*EXERCISE REQUIREMENTS:* Return the entries below in their exact form, leaving the pictures out.

*STORED DATA:*
——
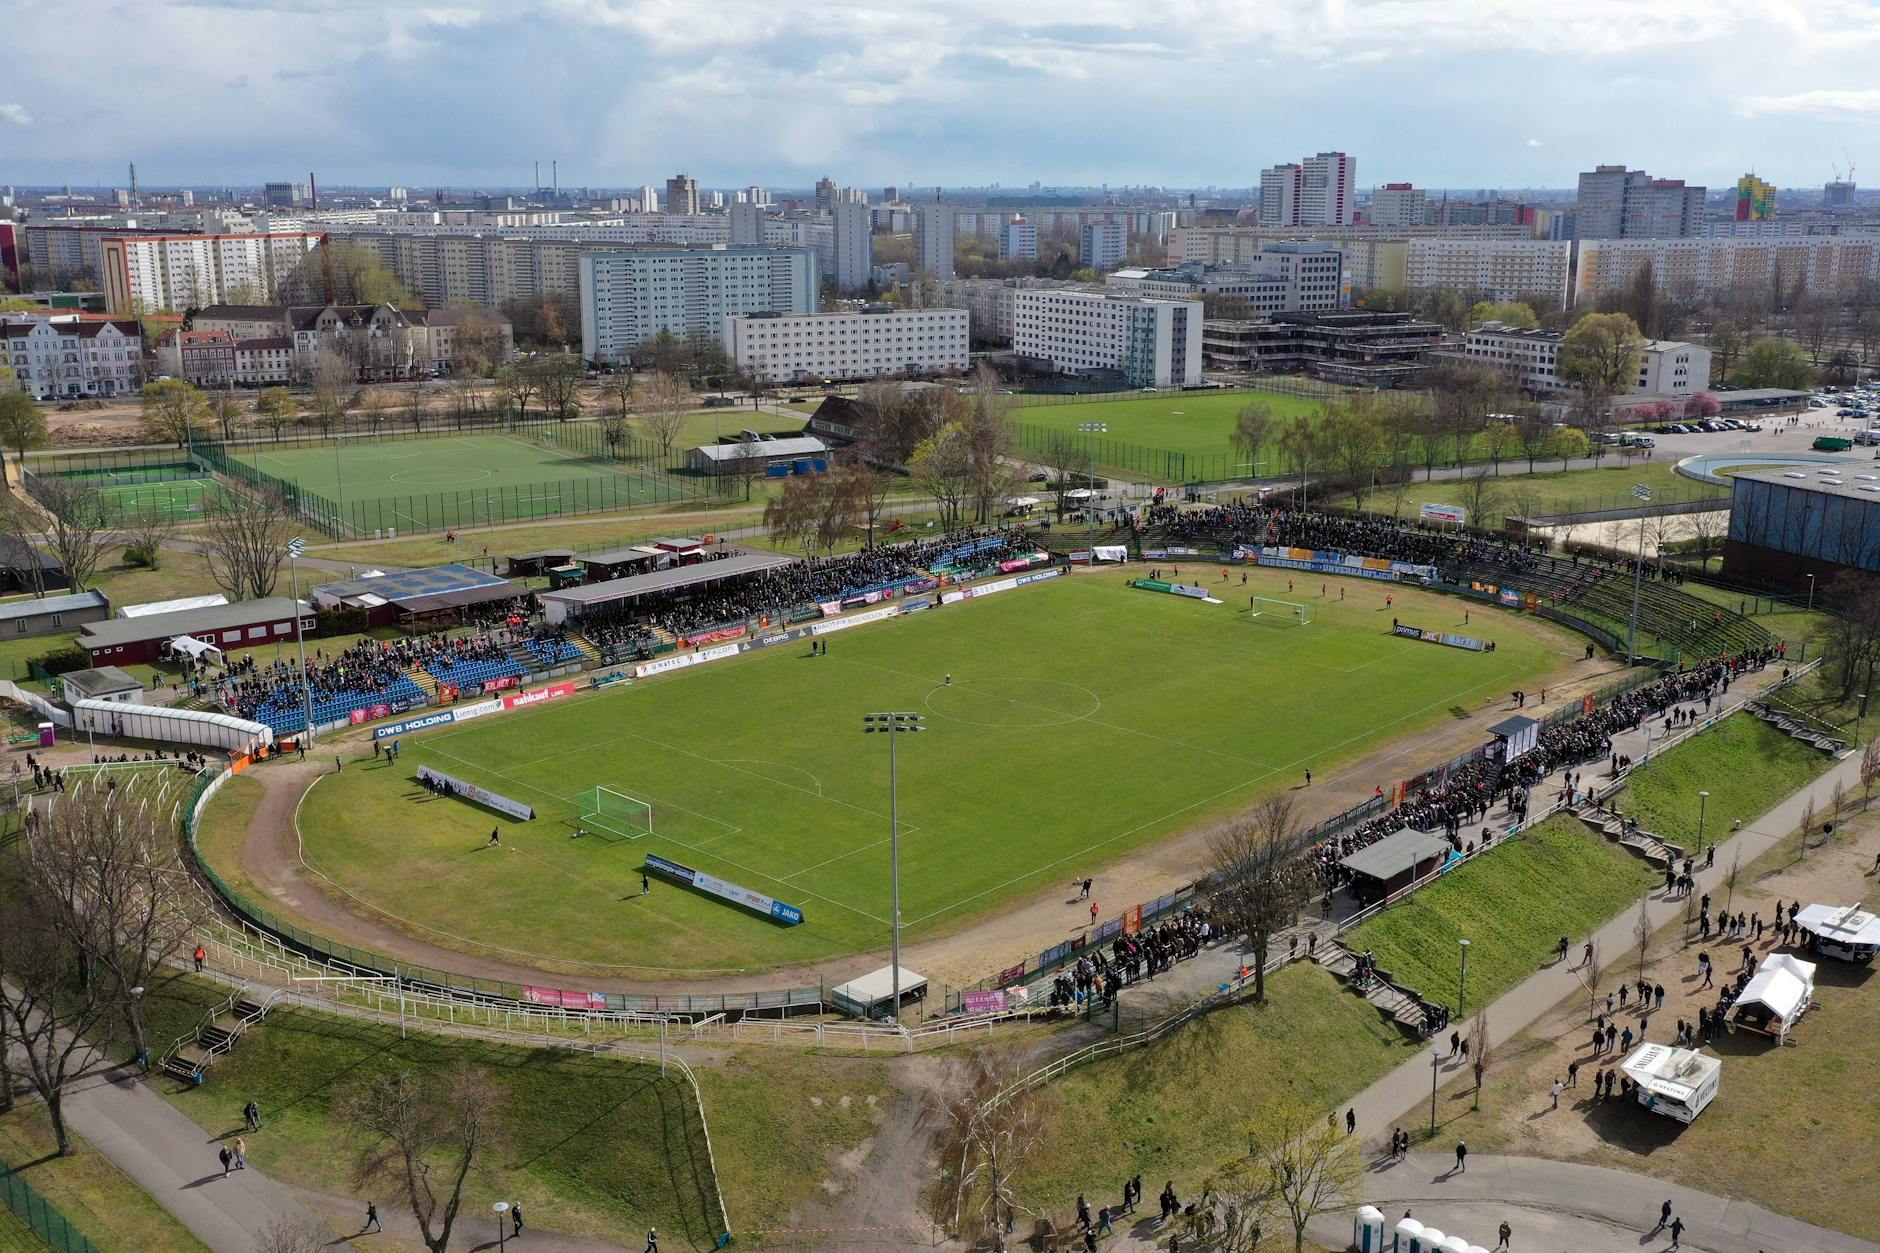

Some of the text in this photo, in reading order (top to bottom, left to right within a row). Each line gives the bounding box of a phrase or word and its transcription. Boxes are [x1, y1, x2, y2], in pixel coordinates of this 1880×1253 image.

[513, 689, 549, 706] nahkauf
[378, 725, 403, 737] DWB
[405, 713, 452, 731] HOLDING
[782, 908, 799, 921] JAKO
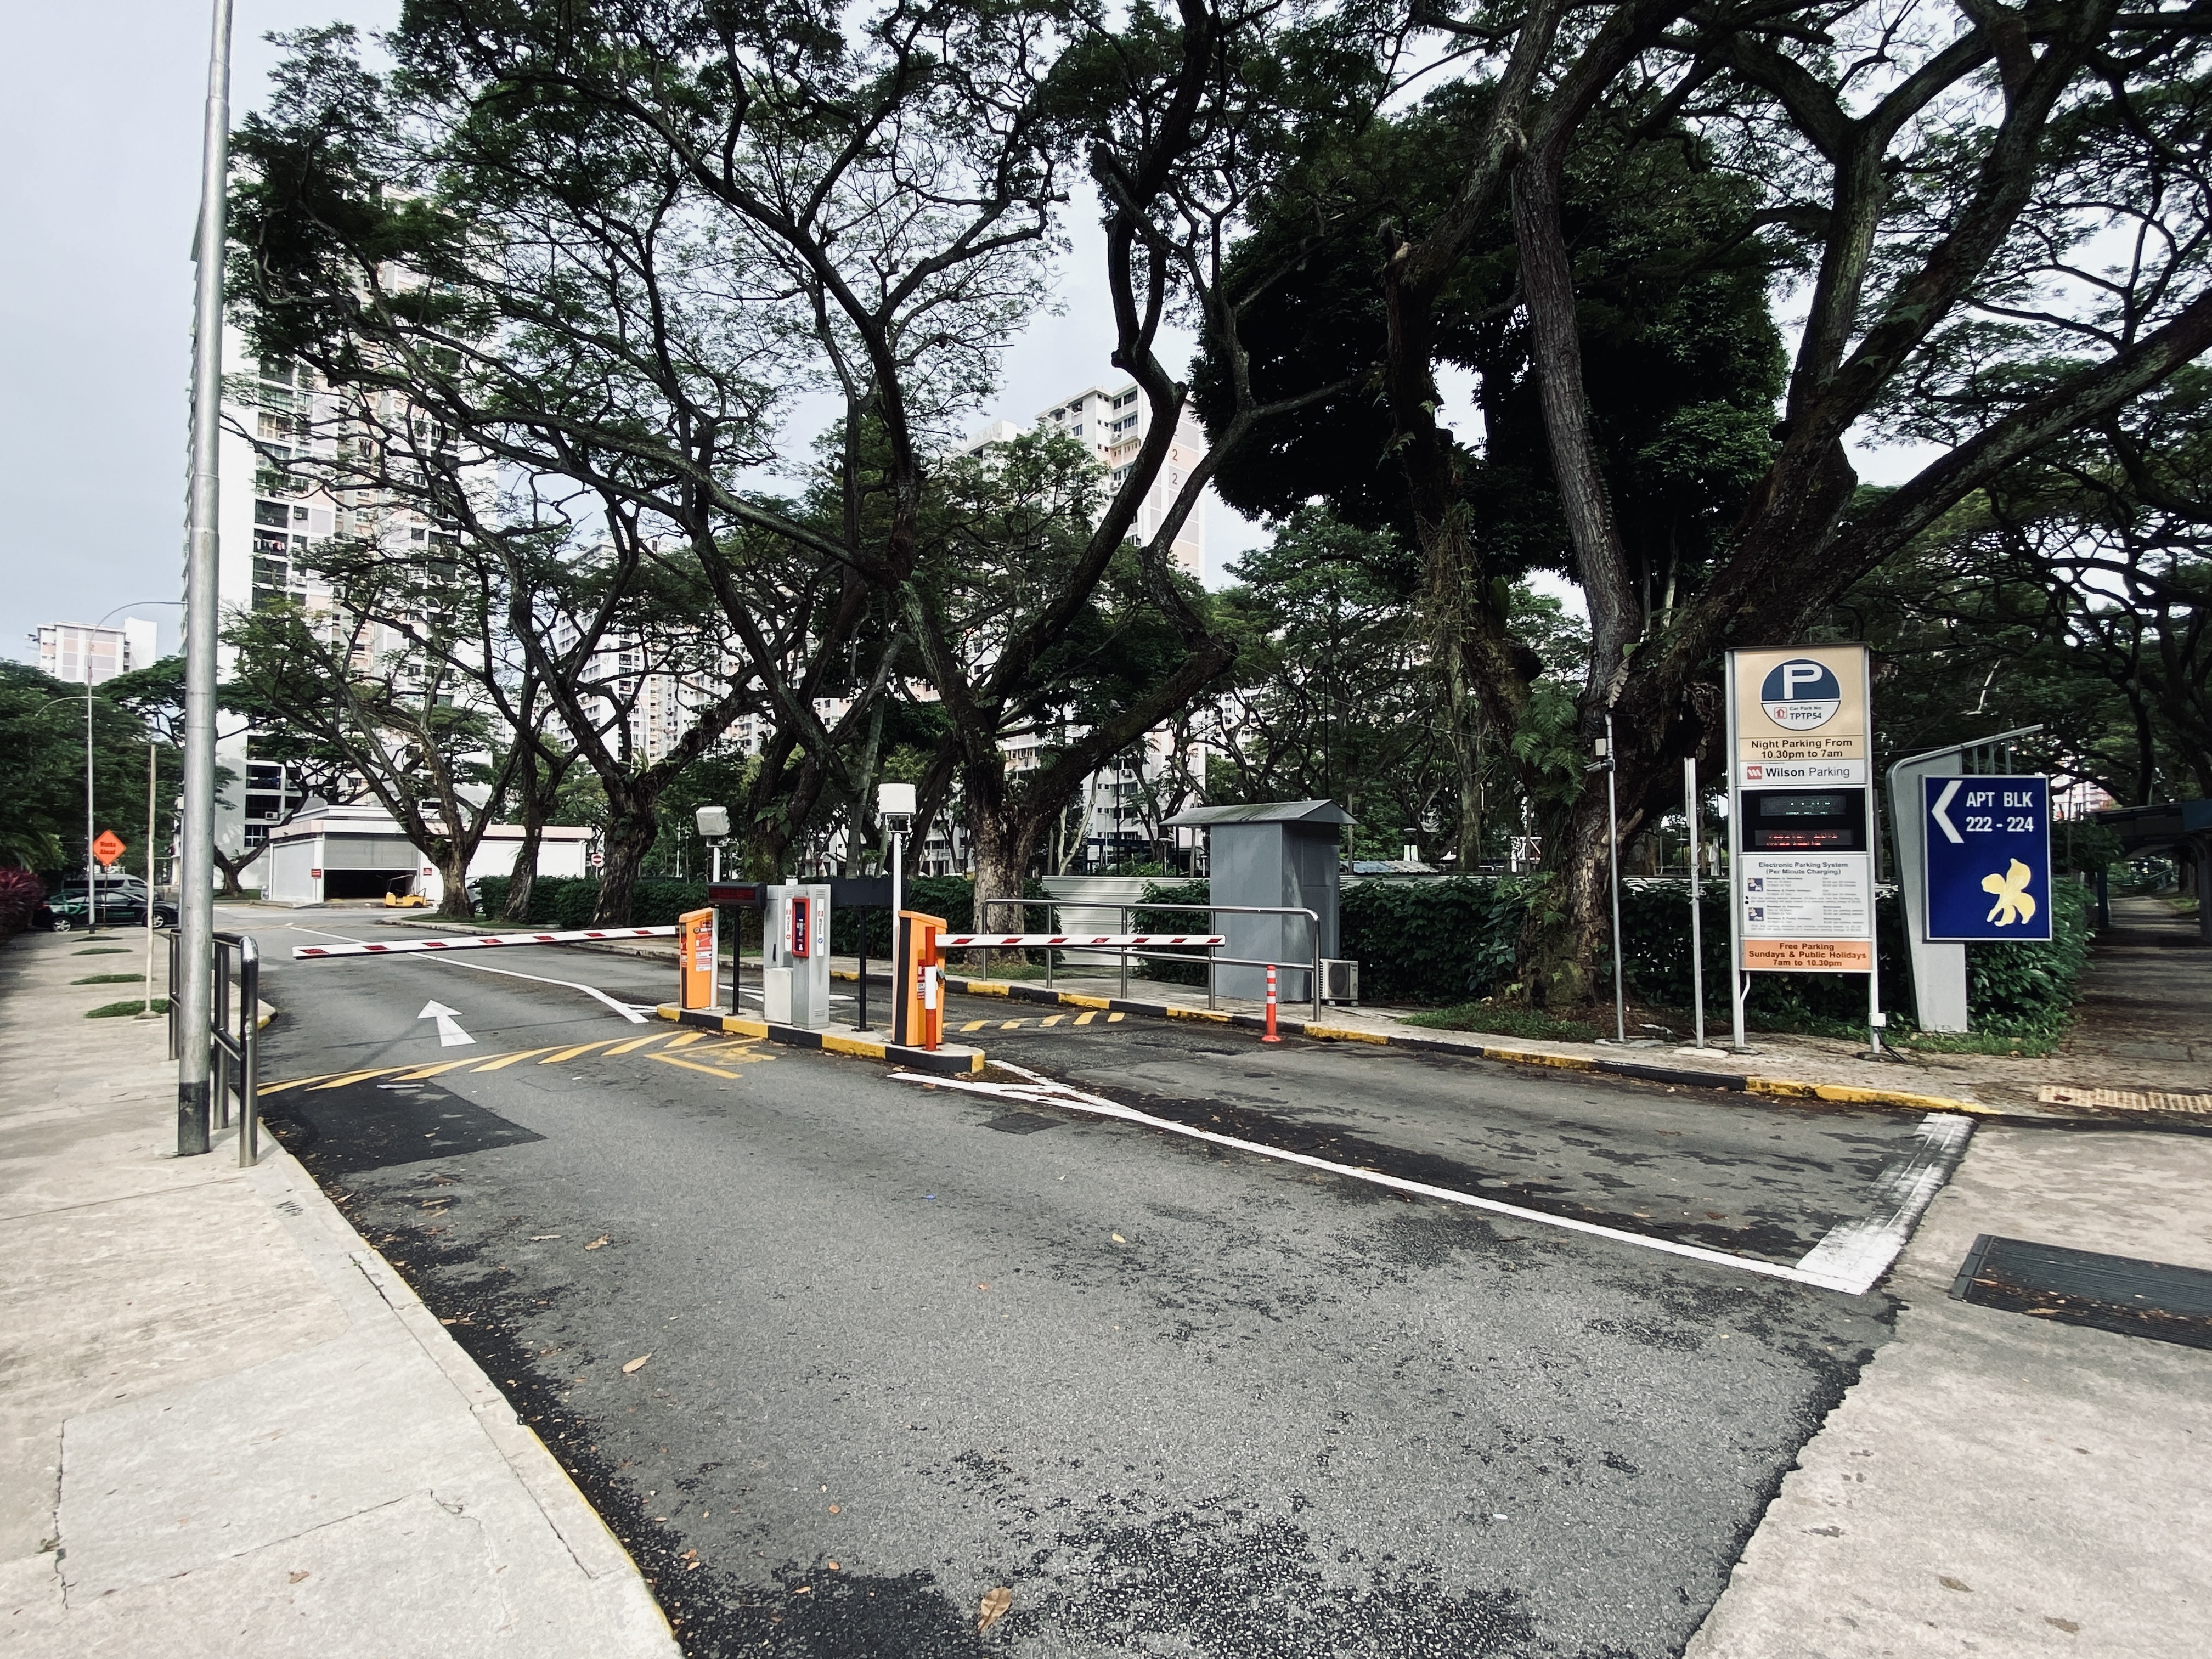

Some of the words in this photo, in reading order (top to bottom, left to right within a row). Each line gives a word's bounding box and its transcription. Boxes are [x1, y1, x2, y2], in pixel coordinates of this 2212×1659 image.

[1784, 664, 1823, 699] P
[1752, 740, 1779, 749] Night
[1782, 740, 1822, 749] Parking
[1762, 751, 1804, 760] 10.30pm
[1765, 768, 1805, 777] Wilson
[1809, 766, 1850, 778] Parking
[1966, 792, 1995, 807] APT
[2004, 792, 2033, 807] BLK
[1966, 816, 1993, 832] 222
[2007, 816, 2034, 832] 224
[1802, 943, 1835, 951] Parking
[1749, 951, 1785, 959] Sundays
——
*OUTPUT FOR THIS EXERCISE:*
Some of the text in this photo, in reading order (top to bottom, left to right within a row). Each line gives the bounding box of a phrase or word and its transcription. Boxes are [x1, y1, x2, y2], in pixel coordinates of this 1880×1253 image.

[513, 689, 549, 706] nahkauf
[378, 725, 403, 737] DWB
[405, 713, 452, 731] HOLDING
[782, 908, 799, 921] JAKO

Some of the words in this photo, in reading order (top to bottom, left to right within a row). Each line gives a word's bounding box and its transcription. Boxes are [x1, y1, x2, y2], in pixel coordinates of this 2212×1659 image.

[1784, 664, 1823, 699] P
[1752, 740, 1779, 749] Night
[1782, 740, 1822, 749] Parking
[1762, 751, 1804, 760] 10.30pm
[1765, 768, 1805, 777] Wilson
[1809, 766, 1850, 778] Parking
[1966, 792, 1995, 807] APT
[2004, 792, 2033, 807] BLK
[1966, 816, 1993, 832] 222
[2007, 816, 2034, 832] 224
[1802, 943, 1835, 951] Parking
[1749, 951, 1785, 959] Sundays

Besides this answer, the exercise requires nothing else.